The Electors, like the Empire, were divided on religion. The three religious electors, the Electors of Mainz, Trier and Cologne were Catholic, as was Ferdinand II. The Elector of Saxony was a Lutheran; the Electors of Brandenburg and the Palatinate Calvinist.
The Elector of Palatine, Friedrich V tried to delay the election, fearing that an Imperial Ferdinand would put an end to the Bohemian rebellion. Firstly he sought to have the Kürfurstentag adjourned, and when that failed, he sought to have the Bohemian matter settled as a precursor to the election. This delayed matters, but not for long. Ferdinand II consented that the Electors should mediate between him and the Bohemian Estates. The date of the election was set for 28 August 1619.
When the day came, each of the Electors, other than the Elector Palatine, cast his vote for Ferdinand II. In the end, isolated, even the ambassador of the Palatinate cast his vote for Ferdinand II. Ferdinand of Styria, King of Bohemia, by unanimous vote, had become now also Ferdinand II, Holy Roman Emperor.
Ferdinand II (1578-1637) with the Court midget and dog and Ferdinand’s signature
The Imperial dignity was among the most powerful weapons in Ferdinand's arsenal. Over the ensuing eighteen years, he ruled entirely by Imperial fiat. He punished his foes and rewarded his allies based entirely on his expansive view of his Imperial powers. As the Imperial election was getting underway, diplomats send by Friedrich V were attempting to procure allies for the Bohemians Rebels.
Friedrich V was head of the Protestant Union, a military alliance of some of the more militant German Protestant principalities.
The Charter document of the Protestant Union concluded in Auhausen in 1608 by 8 protestant dukes and 17 Estates under the leadership of Friedrich V. In 1609 the opposing Catholic League was formed under the impulse of Maximilian I of Bavaria
The Union had already met in June 1619 in Heilbronn. The Bohemians petitioned them for aid, but received no more than a guaranty of a 200,000 florin loan and a promise to raise troops to impede the passage of Imperial troops from the Spanish Flanders.
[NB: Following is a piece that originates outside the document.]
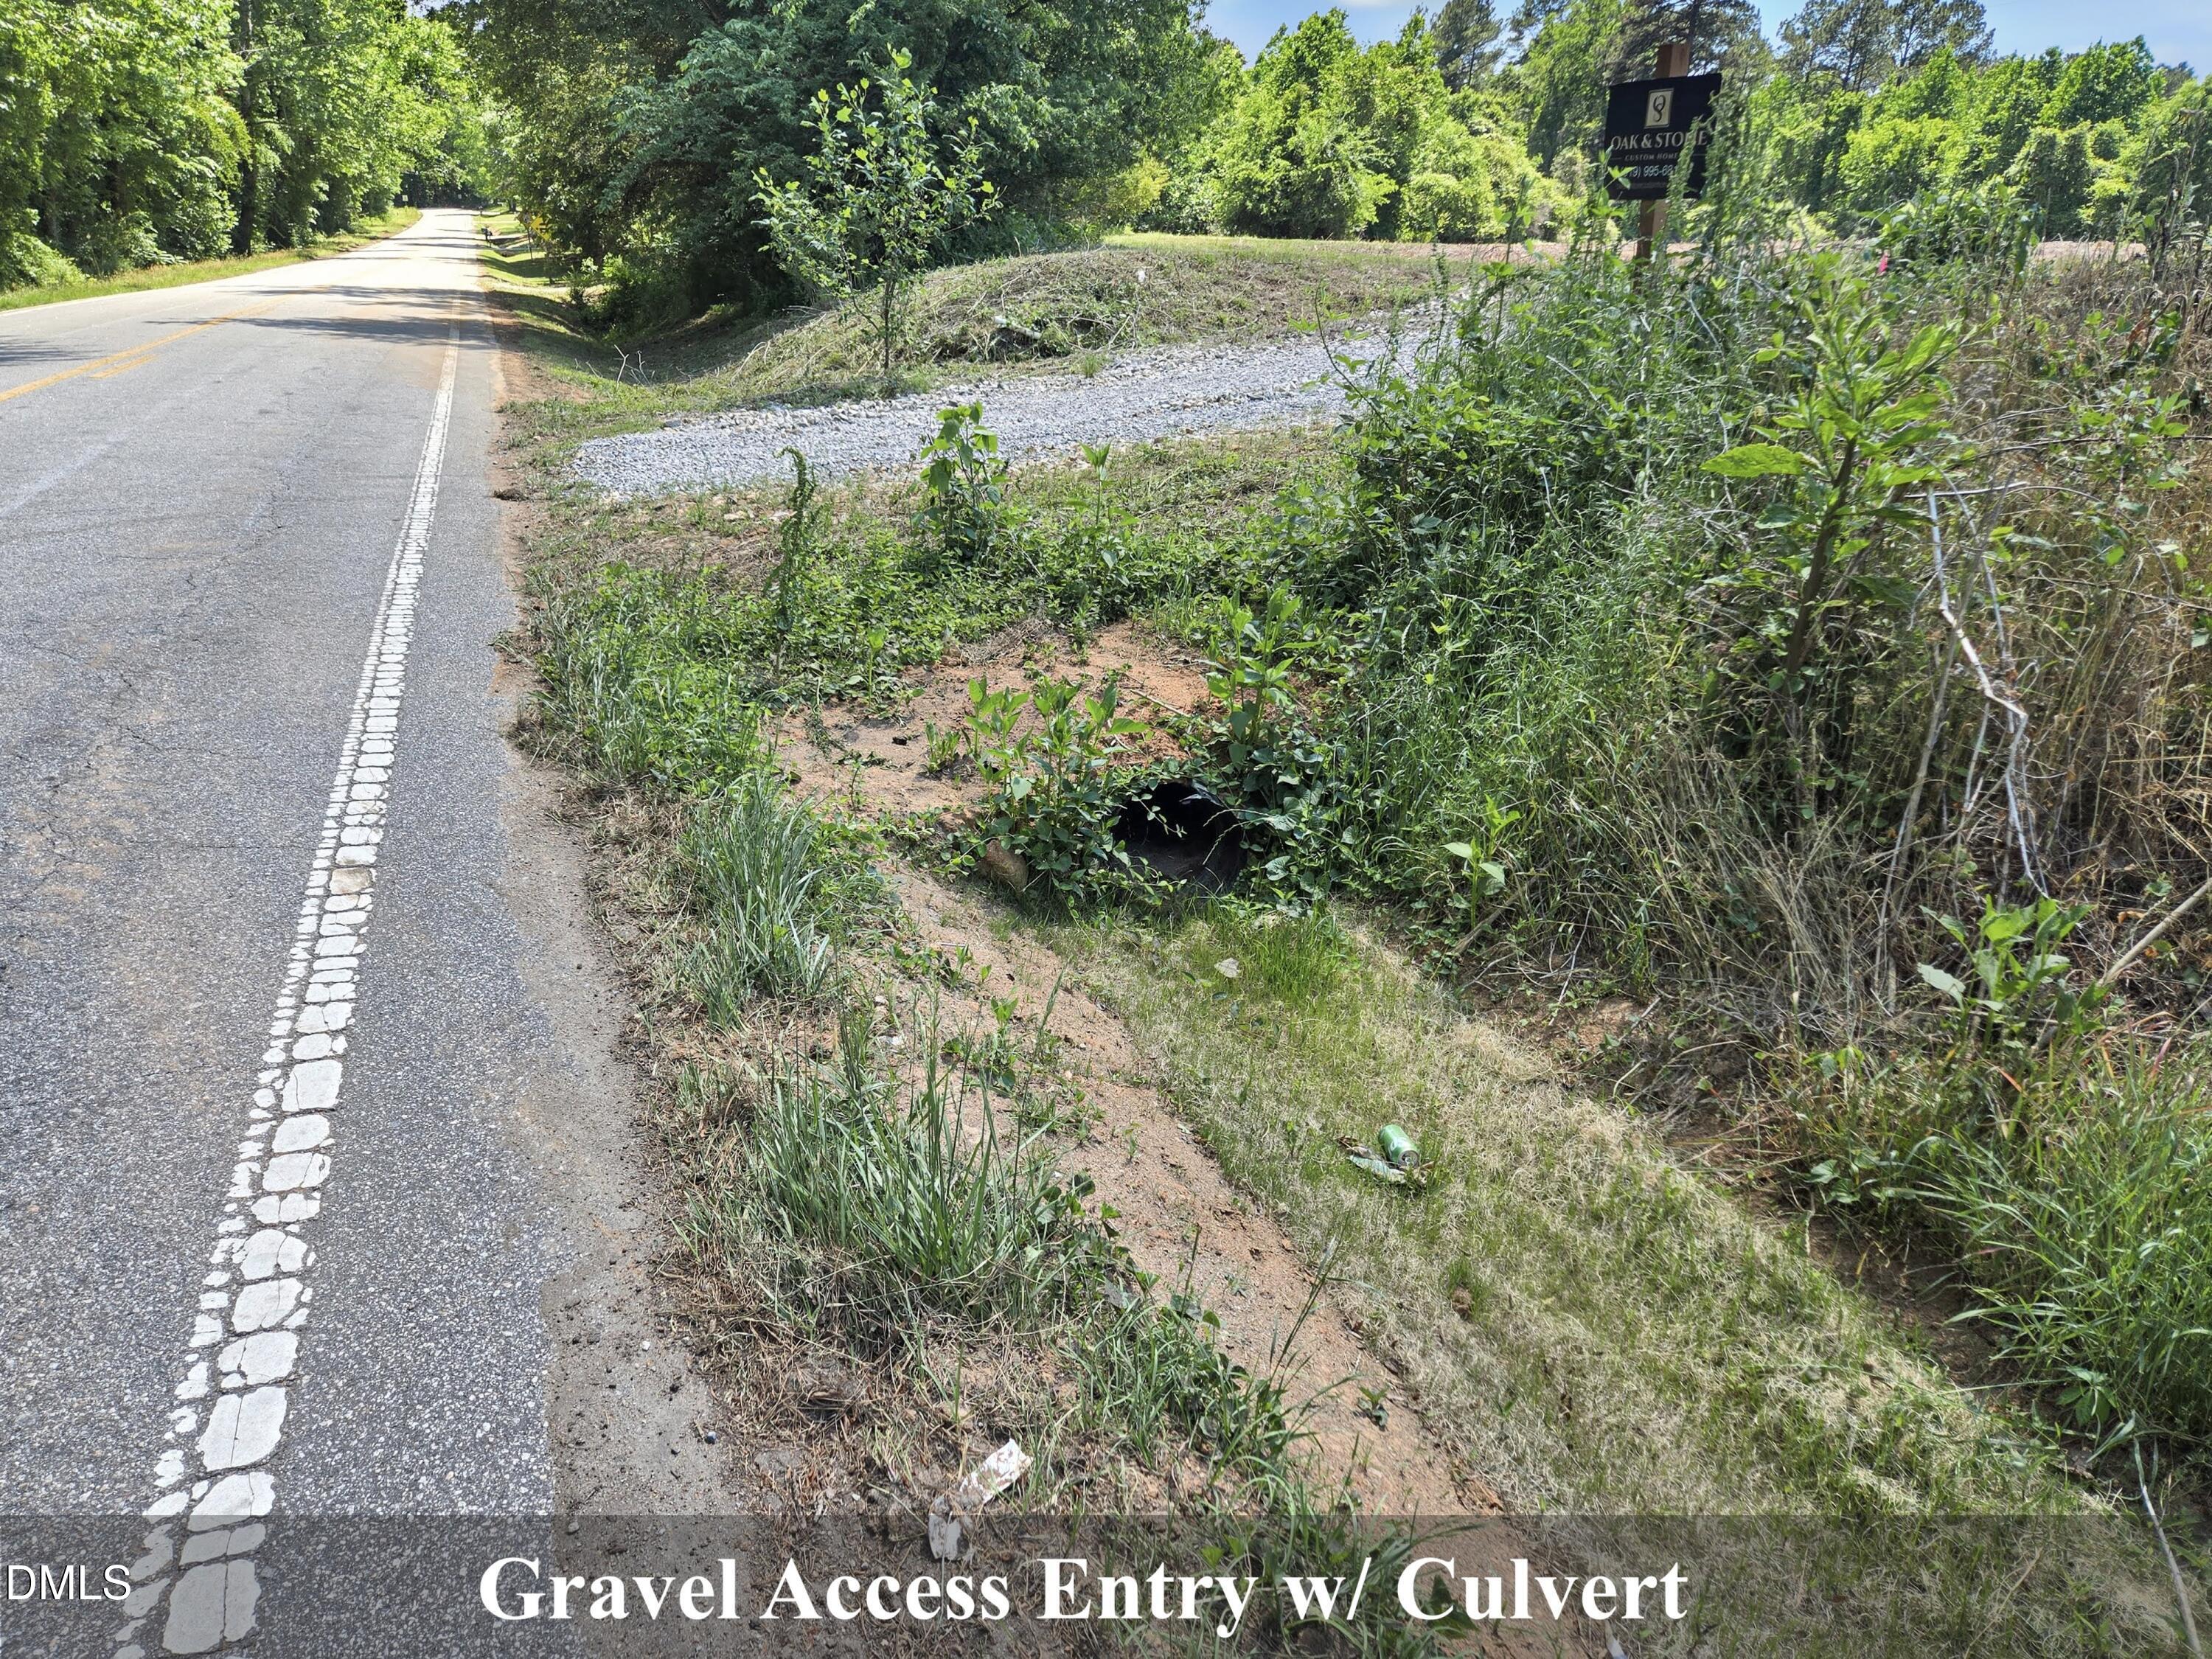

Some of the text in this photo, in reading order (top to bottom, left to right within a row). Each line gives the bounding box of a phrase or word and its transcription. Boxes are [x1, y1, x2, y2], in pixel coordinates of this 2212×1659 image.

Carlo Emmanuele, Duke of Savoy, had been one of the few supporters of the Bohemian cause to actually do something. He had supplied Mansfeldt’s army and had secretly served as its paymaster until his role was discovered after the battle of Záblati. Friedrich V attempted to persuade him to restore his support. Since none of the greater European powers was willing to embrace the Bohemian cause, Carlo Emmanuele was willing only to concede limited support This help was conditioned on the Palatinate supplying the Bohemians an army and supporting Carlo Emmanuele in a bid for the Bohemian throne.
Carlo Emmanuele I di Savoia (1562-1630) called also Testa d' feu or head of fire for his military actions and early supporter of the Bohemian Revolution and Kurfürst Johann Georg I von Sachsen (1585-1656), both candidates, next to Friedrich V Kurfürst von der Pfalz, a candidates for the throne of Bohemia
On 8 July 1619, another meeting of the Bohemian Estates was opened. It was also attended by representatives of Moravia, Silesia and Lusatia. All of these states agreed on 31 July 1619 to the Act of Confederation which bound their states together as on a loose federal basis. The constitutions of the confederates were also adjusted to give all of the states a right to elect the Bohemian King and to strictly circumscribe the authority of that King once elected. That done, the estates turned to the fate of the King they had.
On 19 August 1619, the Estates of Bohemia, Lusatia, Moravia and Silesia declared Ferdinand II deposed as their King. There were three possible candidates for the newly vacant throne: Carlo Emmanuele di Savoia, who desired the throne and had served the Bohemian cause with arms and gold; Johann Georg I von Sachsen, who claimed not to want the throne at all and Friedrich V Elector of Palatine, who had intrigued for the Bohemians most unsuccessfully and would be given the throne in the hope that at least one of his relatives, who comprised most of the Protestant rulers of Europe would assist him and his new Kingdom.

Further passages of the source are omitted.